# DESCRIPTION OF THE TASK
All of the data must be returned word for word.

# DATA EXTRACT
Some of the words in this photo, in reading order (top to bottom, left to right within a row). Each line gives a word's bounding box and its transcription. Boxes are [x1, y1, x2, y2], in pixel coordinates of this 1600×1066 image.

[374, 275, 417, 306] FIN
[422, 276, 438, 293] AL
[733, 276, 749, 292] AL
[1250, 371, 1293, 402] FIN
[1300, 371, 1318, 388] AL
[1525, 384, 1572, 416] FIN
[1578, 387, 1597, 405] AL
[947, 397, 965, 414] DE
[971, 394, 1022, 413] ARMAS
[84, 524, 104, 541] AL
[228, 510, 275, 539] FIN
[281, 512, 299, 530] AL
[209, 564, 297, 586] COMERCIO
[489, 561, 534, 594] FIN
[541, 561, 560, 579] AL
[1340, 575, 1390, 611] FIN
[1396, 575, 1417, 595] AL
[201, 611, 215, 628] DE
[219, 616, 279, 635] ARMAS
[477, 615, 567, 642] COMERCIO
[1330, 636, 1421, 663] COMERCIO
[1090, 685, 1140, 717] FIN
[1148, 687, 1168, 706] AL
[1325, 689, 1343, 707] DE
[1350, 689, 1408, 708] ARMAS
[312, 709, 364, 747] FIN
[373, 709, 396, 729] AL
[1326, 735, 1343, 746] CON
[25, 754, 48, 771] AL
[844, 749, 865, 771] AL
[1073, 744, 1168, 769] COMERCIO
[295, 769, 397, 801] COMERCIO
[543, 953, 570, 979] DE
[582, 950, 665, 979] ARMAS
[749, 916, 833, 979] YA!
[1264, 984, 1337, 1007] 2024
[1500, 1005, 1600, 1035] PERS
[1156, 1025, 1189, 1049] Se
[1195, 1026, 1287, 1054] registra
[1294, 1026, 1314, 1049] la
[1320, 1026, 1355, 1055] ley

# ANSWER SPACE
Some of the words in this photo, in reading order (top to bottom, left to right within a row). Each line gives a word's bounding box and its transcription. Boxes are [x1, y1, x2, y2], in pixel coordinates of this 1600×1066 image.

[374, 275, 417, 306] FIN
[422, 276, 438, 293] AL
[733, 276, 749, 292] AL
[1250, 371, 1293, 402] FIN
[1300, 371, 1318, 388] AL
[1525, 384, 1572, 416] FIN
[1578, 387, 1597, 405] AL
[947, 397, 965, 414] DE
[971, 394, 1022, 413] ARMAS
[84, 524, 104, 541] AL
[228, 510, 275, 539] FIN
[281, 512, 299, 530] AL
[209, 564, 297, 586] COMERCIO
[489, 561, 534, 594] FIN
[541, 561, 560, 579] AL
[1340, 575, 1390, 611] FIN
[1396, 575, 1417, 595] AL
[201, 611, 215, 628] DE
[219, 616, 279, 635] ARMAS
[477, 615, 567, 642] COMERCIO
[1330, 636, 1421, 663] COMERCIO
[1090, 685, 1140, 717] FIN
[1148, 687, 1168, 706] AL
[1325, 689, 1343, 707] DE
[1350, 689, 1408, 708] ARMAS
[312, 709, 364, 747] FIN
[373, 709, 396, 729] AL
[1326, 735, 1343, 746] CON
[25, 754, 48, 771] AL
[844, 749, 865, 771] AL
[1073, 744, 1168, 769] COMERCIO
[295, 769, 397, 801] COMERCIO
[543, 953, 570, 979] DE
[582, 950, 665, 979] ARMAS
[749, 916, 833, 979] YA!
[1264, 984, 1337, 1007] 2024
[1500, 1005, 1600, 1035] PERS
[1156, 1025, 1189, 1049] Se
[1195, 1026, 1287, 1054] registra
[1294, 1026, 1314, 1049] la
[1320, 1026, 1355, 1055] ley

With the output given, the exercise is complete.